すなわち、本実施形態では穴43が歯科模型に具備されるピン54、64、65(
図3参照)を保持する保持手段として機能する。実際にピン54、64、65保持するのは穴43が設けられた本体42の壁面であるが、ここでは当該本体42の壁面を含めて穴43を保持手段として説明した。
【0050】
その他、歯科模型保持部材41の穴43の形態や、歯科模型保持部材41の材質等は上記した技工物スタンド10と同様である。
【0051】
保持部材受け44は、円環状の板部材である基材45と、該基材45の一方の面に所定の間隔で配置された4つの脚46と、を備えている。
【0052】
基材45は円環の内径が歯科模型保持部材41の外径と概ね同じとされ、該円環の穴に歯科模型保持部材41を挿入することができる。
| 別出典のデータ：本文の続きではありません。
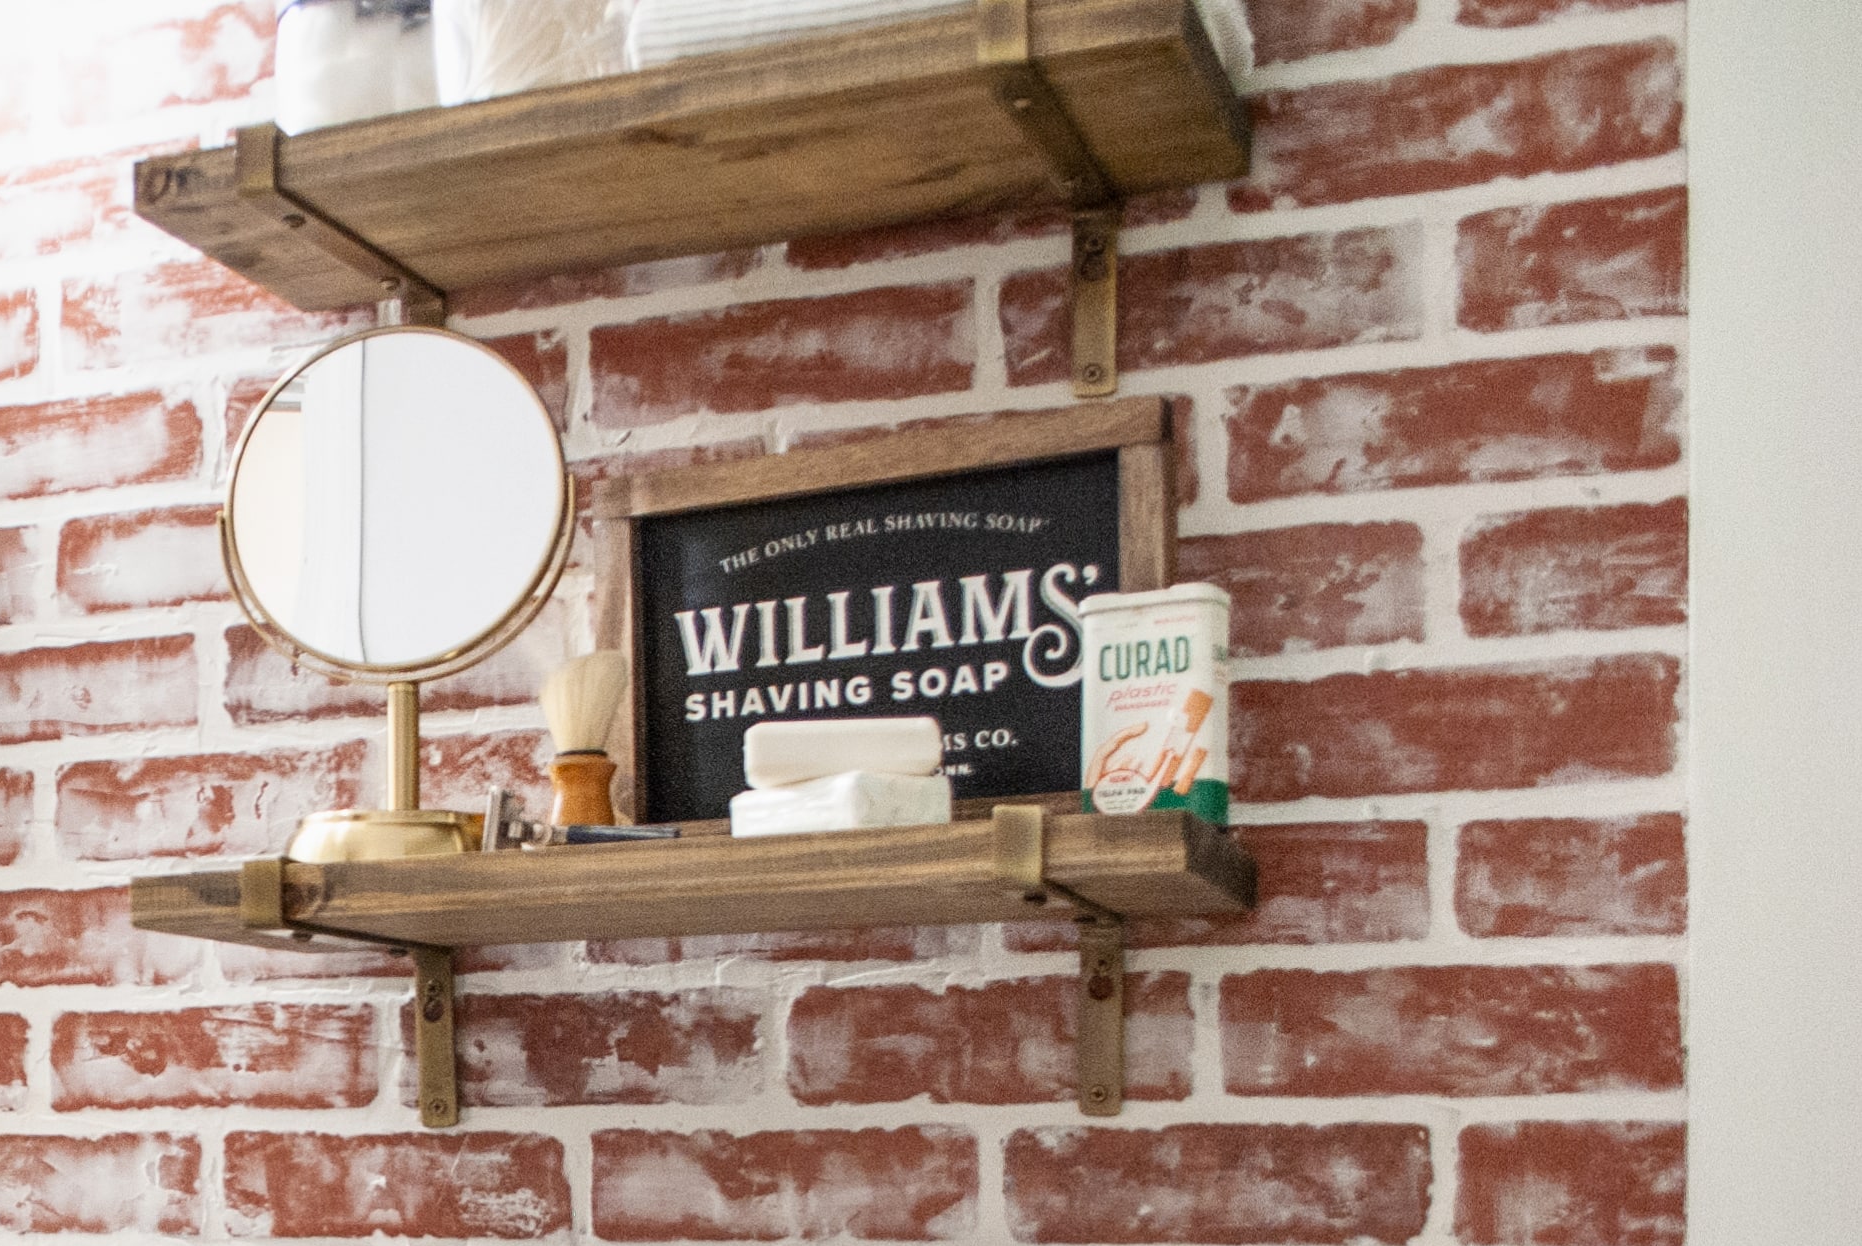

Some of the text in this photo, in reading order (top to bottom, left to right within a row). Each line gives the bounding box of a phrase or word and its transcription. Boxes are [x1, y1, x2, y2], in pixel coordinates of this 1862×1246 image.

[719, 547, 760, 574] THE
[764, 528, 819, 558] ONLY
[825, 517, 878, 541] REAL
[885, 512, 978, 532] SHAVING
[1100, 635, 1190, 682] CURAD
[684, 661, 1009, 722] SHAVING SOAP
[1106, 683, 1178, 708] plastic
[974, 728, 1018, 749] CO.
また、基材45の一方の面には、その面に沿って90度ずつ間隔をおいて垂下するように縦に配置された板状の脚46が4つ配置されている。脚46は、
図7(b)からわかるように、切り欠き46aを有しており、当該切り欠き46aに歯科模型保持部材41が引っ掛かるように配置される。
【0053】
従って、保持部材受け44は、
図7(b)に直線矢印で示したように、歯科模型保持部材41を基材45の内側に挿入するとともに、脚46の切り欠き46aで受けて保持することができる。
【0054】
このような技工物スタンド40によれば、上記した技工物スタンド10の効果に加え、歯科模型保持部材41を適宜取り換えることができる。すなわち、保持部材受け44はその強度を高く形成しておくことにより長い期間使用することができる。そして形状が複雑である歯科模型保持部材41は小さく、薄く抑えることができ、製造が容易となり、安価で技工物スタンドを提供することも可能となる。
【0055】
ここで保持部材受け44を構成する材料は特に限定されることはないが、透光性に優れ、及び/又は80℃以上の耐熱性に優れることが好ましい。